Едва мне удалось как-то приспособиться ко всему этому, как на нас внезапно с новой силой обрушился ветер. Он налетел, как огромная волна. Наша гондола начала подпрыгивать на канатах. Я был уверен, что нас выбросит из кабин или разорвет на кусочки, когда взорвется газовый баллон. Я увидел, что майор Синклер качает головой и делает знаки рукой. Мы спускались. Я был уверен, что это катастрофа. Я перестал дрожать и спокойно приготовился к смерти.

Нос машины уже опустился к земле, гондола начала раскачиваться в стороны, как безумный маятник. Когда майор Синклер открыл газовый клапан для быстрого спуска, шум двигателя позади нас стих. Мы провели в воздухе не более пяти часов. Я подумал: как нелепо, что после всех мечтаний о великолепных летающих лайнерах мне предстоит погибнуть в этой ветхой посудине, списанной из правительственных запасов. Но потом судно стало спускаться медленнее, и я понял, что майор Синклер справился с управлением. Я надеялся, что мы находились близко к Литл-Року. Но больше было похоже на то, что мой друг хотел проникнуть в эпицентр шторма с намерением испытать наши силы. Проливной дождь продолжал терзать нас, и я все еще опасался, что тросы могут лопнуть. Постепенно спокойствие духа вернулось ко мне – и тут двигатель внезапно заглох.

Ветер отшвырнул наш беспомощный дирижабль назад и вбок.
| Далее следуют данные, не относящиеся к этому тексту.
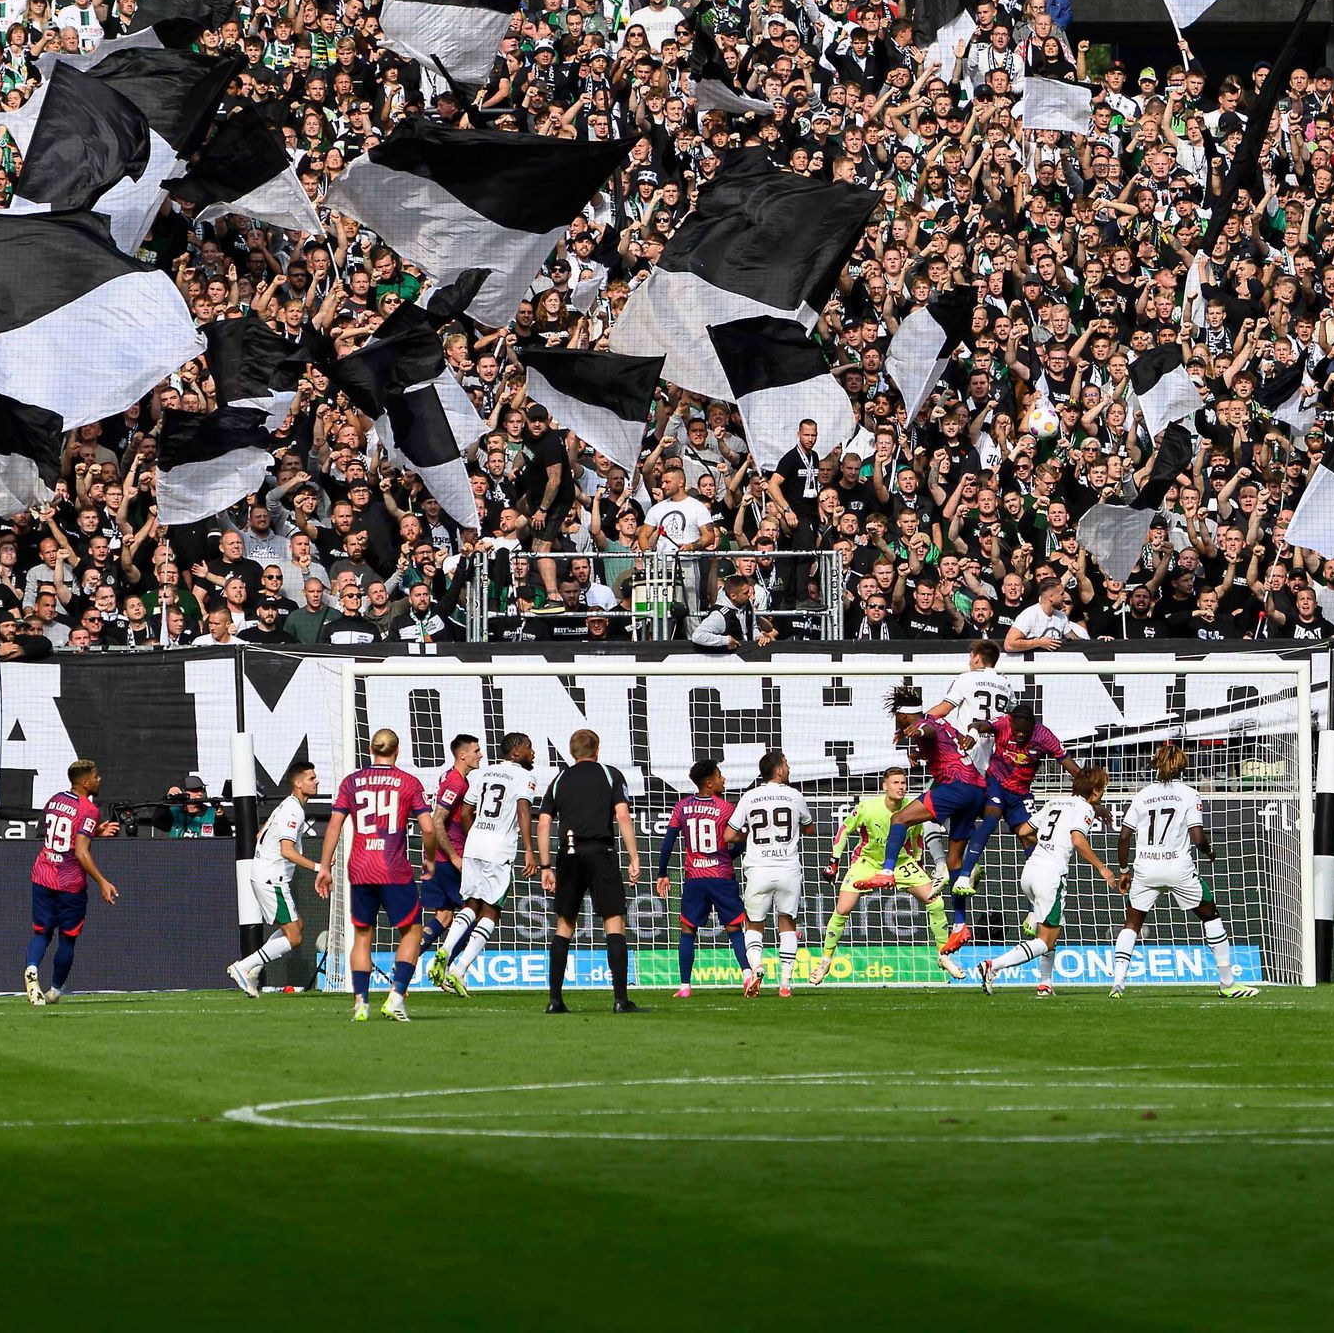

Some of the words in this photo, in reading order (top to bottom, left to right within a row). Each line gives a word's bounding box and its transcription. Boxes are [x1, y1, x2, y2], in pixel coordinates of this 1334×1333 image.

Я не мог понять, что Синклер пытается мне сообщить жестами, но было ясно, что нам не оставалось ничего, кроме как приземлиться. Я понятия не имел, как майор собирался это осуществить. Обычно на земле стояли люди, готовые подхватить наши швартовочные тросы. Мой друг, вероятно, надеялся отыскать маленький городок или большую ферму, где найдется достаточно здоровых мужчин, способных подтянуть аппарат к земле. Я на собственном опыте узнал, в чем маленький дирижабль уступает легкому самолету. Вдобавок на «Рыцаре-ястребе» не было радио, и летчик никак не мог попросить помощи.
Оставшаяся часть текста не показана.